What she learned about her husband's death came largely from friends and the firefighters who worked with her husband.

"When West Fire Department got paged out, the other people from the EMT class went over to help," she said. "There were four guys that went over to the fire. My understanding is the rest of them went to the nursing home to evacuate. Perry was one of the ones who went to the fire to help, so he was there when the explosion happened."

She said the baby growing inside of her gave her a focus.

"People would tell me how strong I was. I don't really feel strong. I just had to go on because I had two kids and I was pregnant," Becky said. "The pregnancy is probably more of what kept me going because I had to take care of the baby, so I had to eat and I had to sleep. Things that I didn't want to do, I just knew I had to do because I didn't have a choice."

When she learned she was carrying a girl, she felt a mix of happiness and pain.

"When I found out, I was happy but it was very emotional," Becky said. "I knew he'd never get to see her. He really wanted a girl, so it was bittersweet."

All Calvin children have the initials P.W., a family tradition.

It was 10-year-old Wyatt who chose his little sister's first name.

"He actually came to me one morning, and we were talking about names. He was like, 'I want to name her Presley Wendy,' " Becky said. "I said, 'Well, I like Presley, but I'm not so sure about the Wendy.'"

Instead, Becky went with Wreanne -- a name she and Perry had picked out had their second child been a girl.
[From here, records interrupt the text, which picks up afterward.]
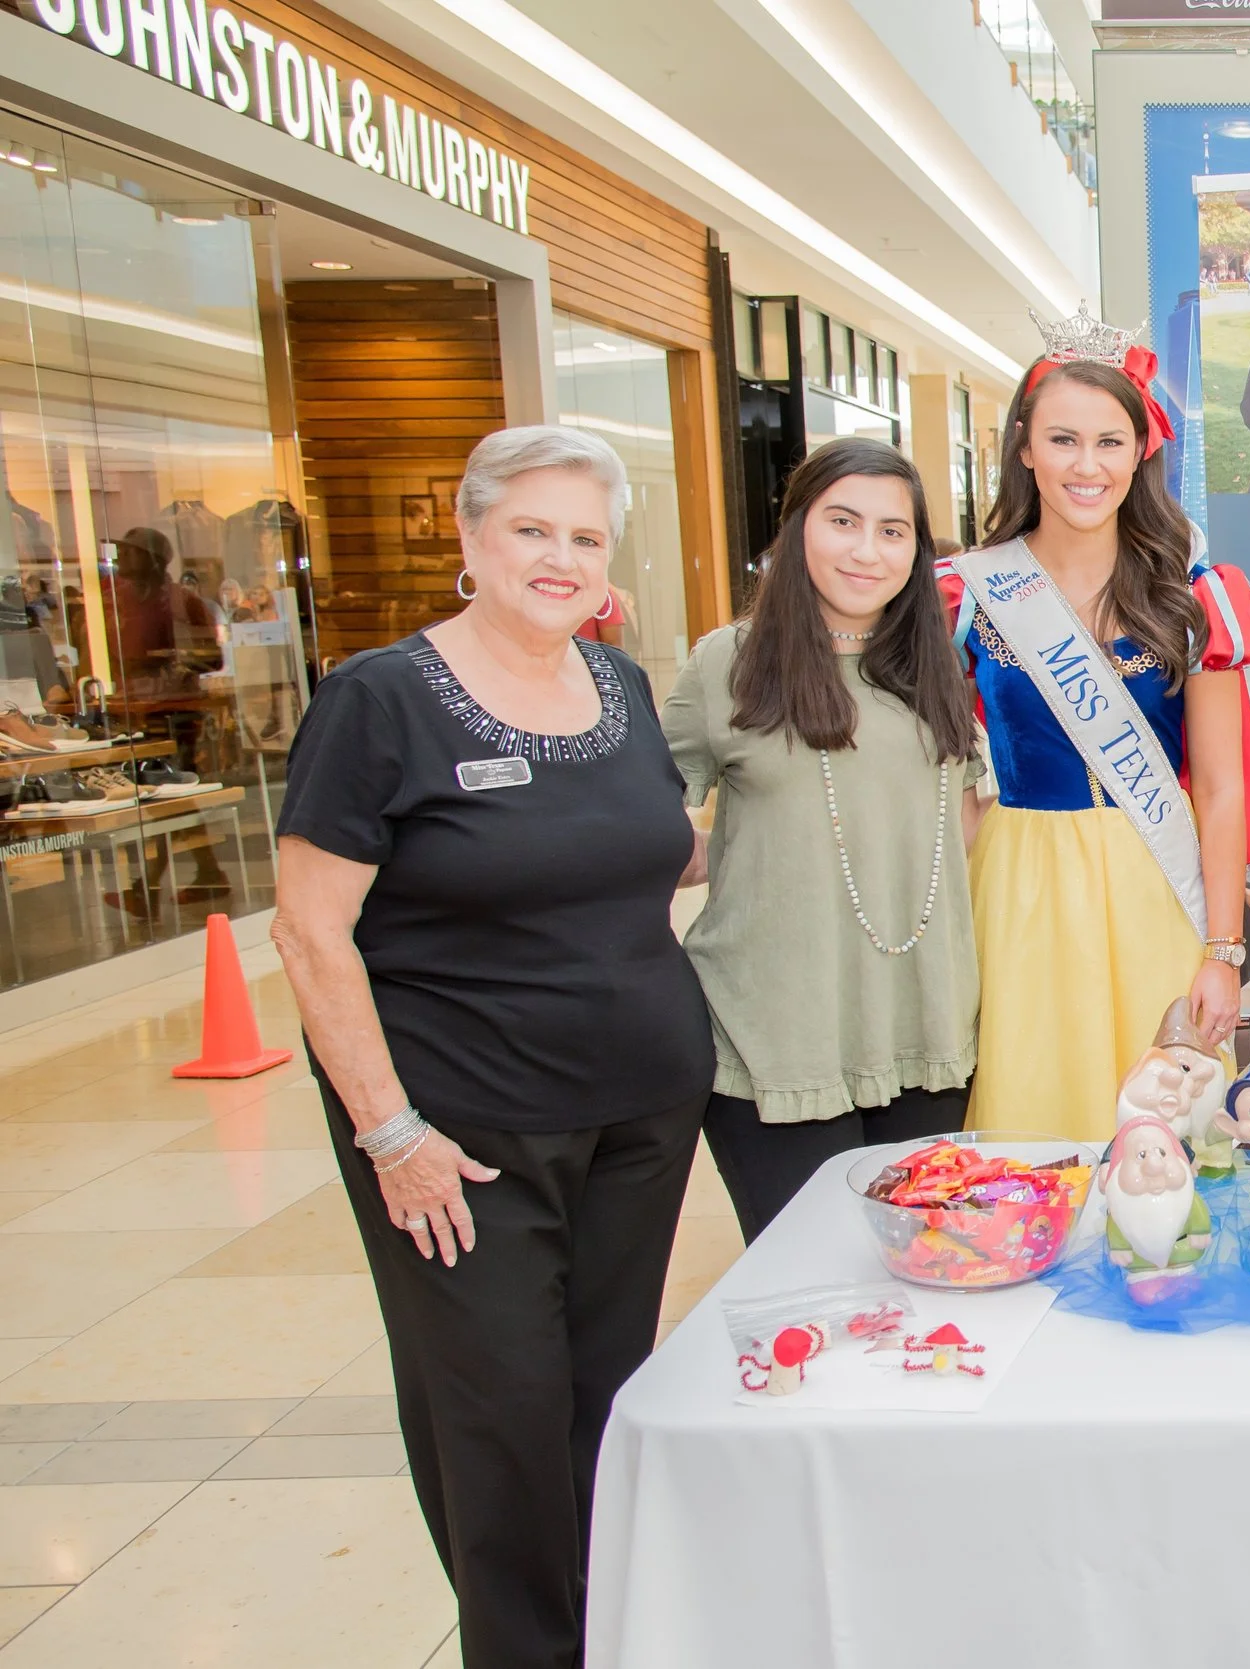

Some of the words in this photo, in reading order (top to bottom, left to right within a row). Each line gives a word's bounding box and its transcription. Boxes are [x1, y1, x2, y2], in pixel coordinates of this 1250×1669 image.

[382, 93, 530, 236] MURPHY
[985, 570, 1021, 590] Miss
[988, 571, 1041, 604] America
[1015, 578, 1048, 603] 2018
[1037, 633, 1110, 722] MISS
[1098, 719, 1173, 826] TEXAS
[0, 841, 37, 861] NSTON
On Nov. 13, Presley Wreanne was born, weighing 7 pounds, 7 ounces.

'Hate that he's not here'

Though they rarely discuss how he died, Wyatt and Preston talk often about their dad, much to the delight of their mother. That Presley will grow up hearing stories about her dad is important to Becky.

Reminders of Perry are everywhere.

A picture of him, wearing a slight grin and a white cowboy hat, hangs on the living room wall. Next to it, another blown-up image shows Perry, then a coach for his church's equestrian drill team, holding an American flag while riding a horse.

Using swatches cut from Perry's clothes, a friend made Becky a quilt that she keeps in her bedroom.

There were two shirts, however, that Becky couldn't part with.

"They were his very favorites," explained her mother, Griffis. "We've got his work boots and his dress boots, too. She keeps them in the closet. She said one day the boys might wear them."

A pan and pot rack that Perry fashioned from horseshoes hangs in the kitchen. The couple had been remodeling the home when Perry died. Friends, volunteers and, most recently, members of the Irving Fire Department stepped in to help Becky with the project.

"I understand the meaning of community now," Griffis said. "Perry said he never would move because this was home. This was community. ... I never saw anything like this community support."

That sense of community, Griffis said, eases her mind as she thinks about June, when she will return to Tennessee.

But for now, she dotes on her 5-month-old granddaughter.

With big brown eyes, Presley Wreanne resembles her oldest brother, Wyatt, while Preston, now 6, is the spitting image of his father.

"She has eyes like mine and a complexion like mine, but I think she has his lips and she's tall," Becky said.

"I hate that he's not here, especially with her being a girl, to enjoy her," she added. "But it was special to have another part of him."